15/01/14 à 16:02 - Mise à jour à 16:02

Source: Trends-Tendances

La mise en place d'un Mécanisme de Résolution Unique (MRU), dernière étape de l'union bancaire européenne, se heurte à un blocage total au Parlement européen. Presque tous les groupes politiques rejettent l'approche retenue par les ministres des Finances.

L'union bancaire coince au Parlement européen

© Epa

Le MRU est censé décider et mettre en oeuvre à l'avenir le démantèlement de grandes banques en déroute. Cet instrument finalise l'union bancaire, après la création d'une supervision unique sous l'égide de la Banque centrale et l'adoption d'un corpus de règles communes (sur le capital et sur la mise à contribution des créanciers notamment).

Fin décembre, les ministres des Finances des 28 ont trouvé un compromis laborieux. Pour surmonter les réticences de l'Allemagne, ils ont décidé que le MRU ne fonctionnerait qu'en partie sous les règles communautaires de l'Union. Le fonds de résolution, nerf de la guerre, serait quant à lui institué par la voie d'un accord intergouvernemental à négocier. Cette approche donnerait un droit de véto à chaque Etat.

Le Parlement est farouchement opposé à cet accord. Le Mécanisme "ne peut pas fonctionner avec une structure intergouvernementale", a affirmé mercredi son président, Martin Schulz. "Nous avons besoin de changements radicaux", a embrayé le chef du groupe socialiste, Hannes Swoboda. "Nous sommes unis pour refuser ce patchwork intergouvernemental", a renchéri Guy Verhofstdat, le chef du groupe libéral.

La négociation risque de devenir un casse-tête pour la présidence grecque, qui vient de prendre les rênes de l'Union. Elle devra conciler ces revendications et l'intransigeance de Berlin.

Le président de la Commission européenne, José Manuel Baroso, a exhorté mercredi les co-législateurs à trouver un compromis.
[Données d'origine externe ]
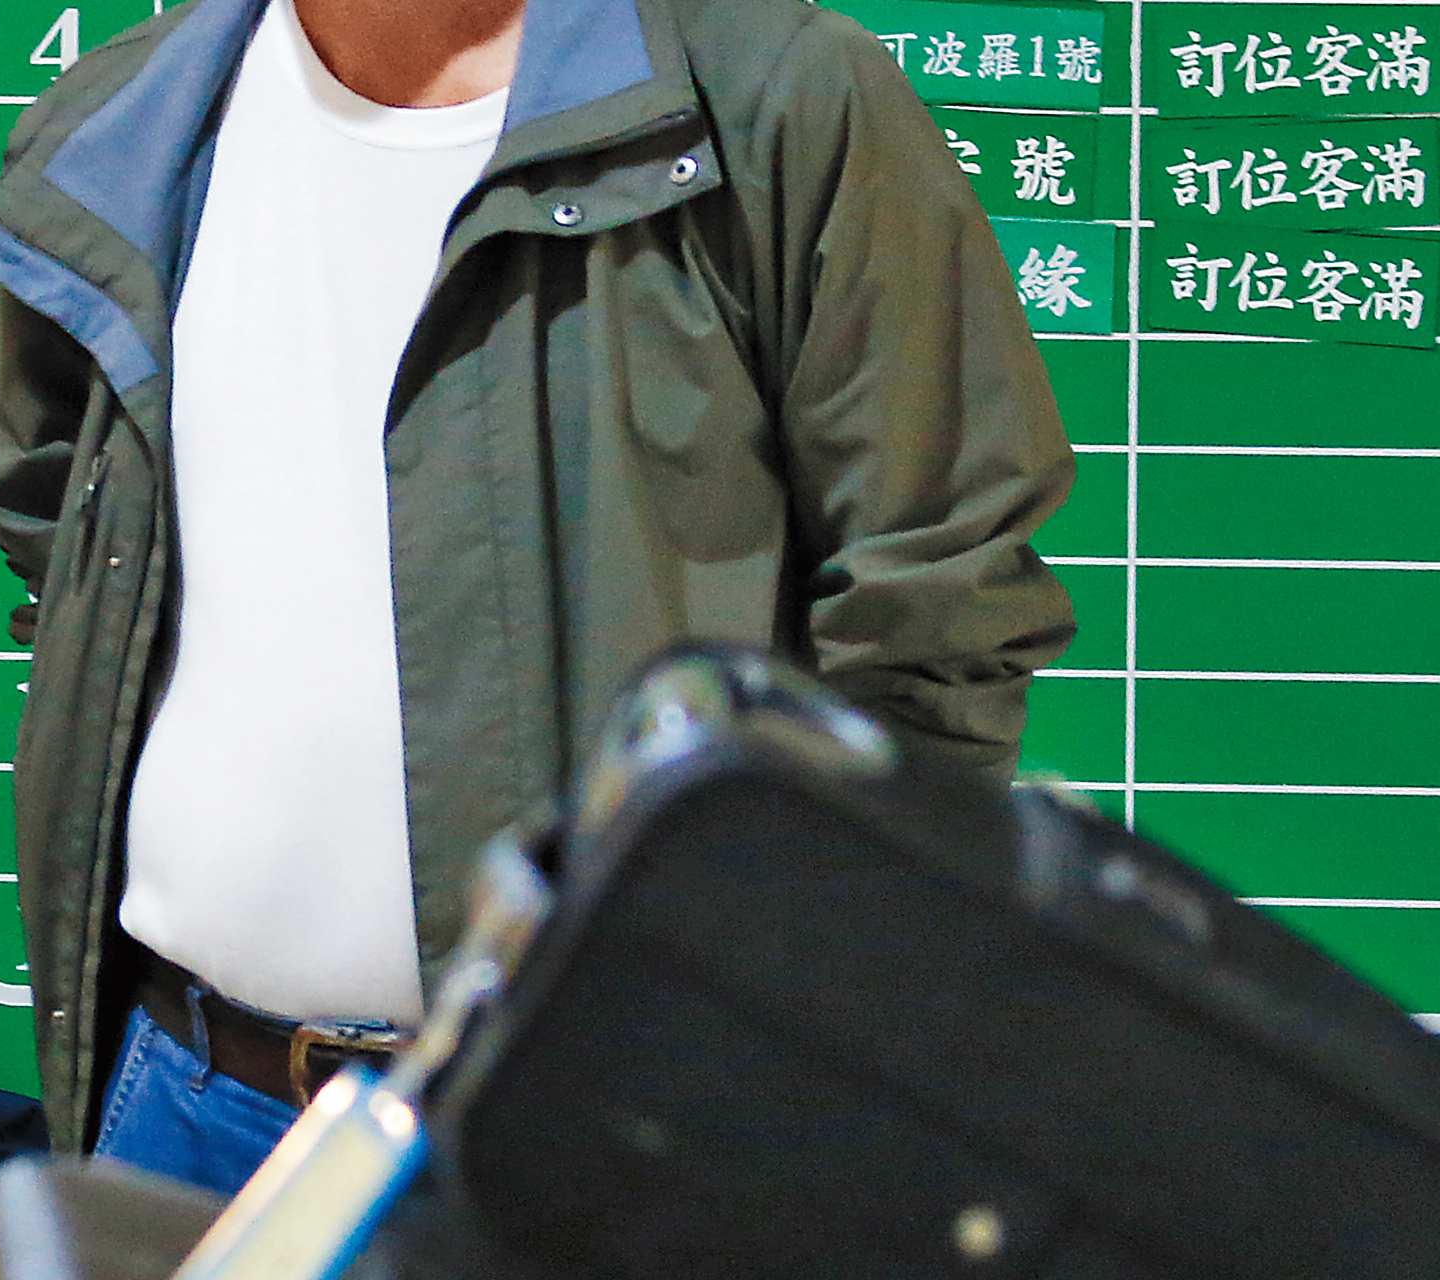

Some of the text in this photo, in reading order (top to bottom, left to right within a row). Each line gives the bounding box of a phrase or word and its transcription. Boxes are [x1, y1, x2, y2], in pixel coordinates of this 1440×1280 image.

[1170, 26, 1430, 97] 訂位客滿
[1166, 139, 1425, 214] 訂位客滿
[1169, 243, 1424, 329] 訂位客滿
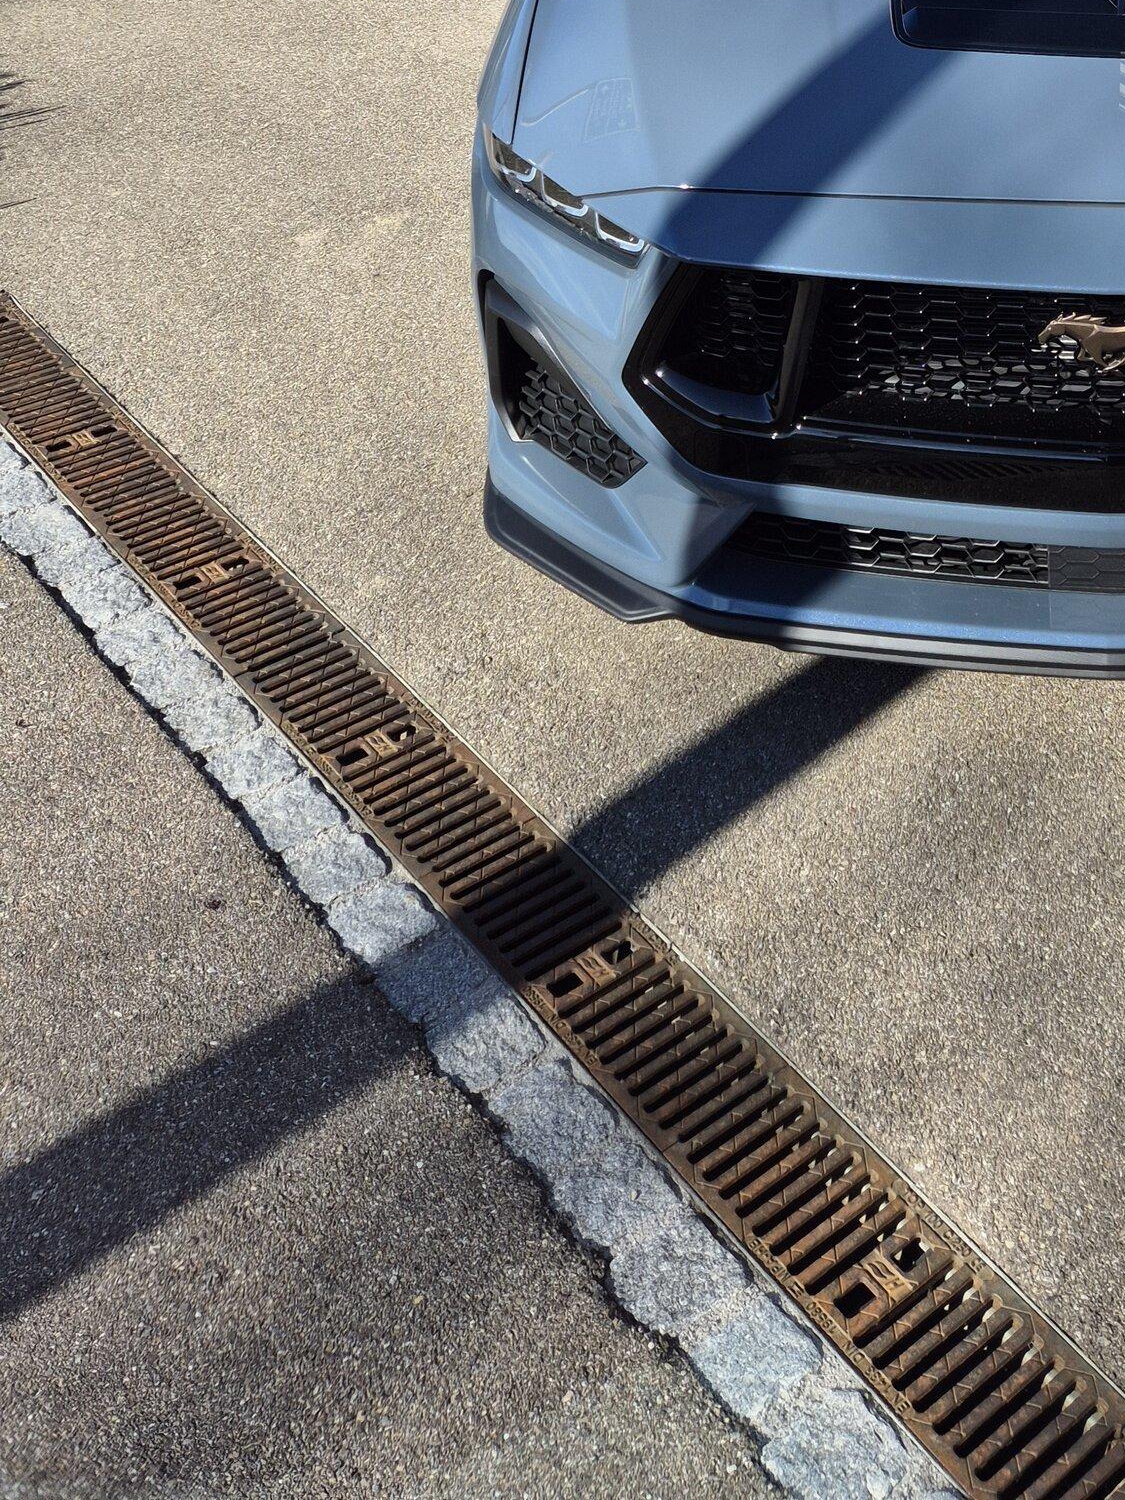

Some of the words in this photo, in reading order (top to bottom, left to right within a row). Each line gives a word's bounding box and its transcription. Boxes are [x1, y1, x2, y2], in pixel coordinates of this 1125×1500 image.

Achever l'union bancaire est le "premier devoir" des dirigeants européens avant la fin de la législature, a-t-il déclaré à Strasbourg.

La Commission "aurait préféré un système basé entièrement sur l'approche communautaire", mais dans les circonstances présentes, "nous devons travailler ensemble pour que dimension intergouvernementale soit maintenue au strict minimum", a-t-il ajouté.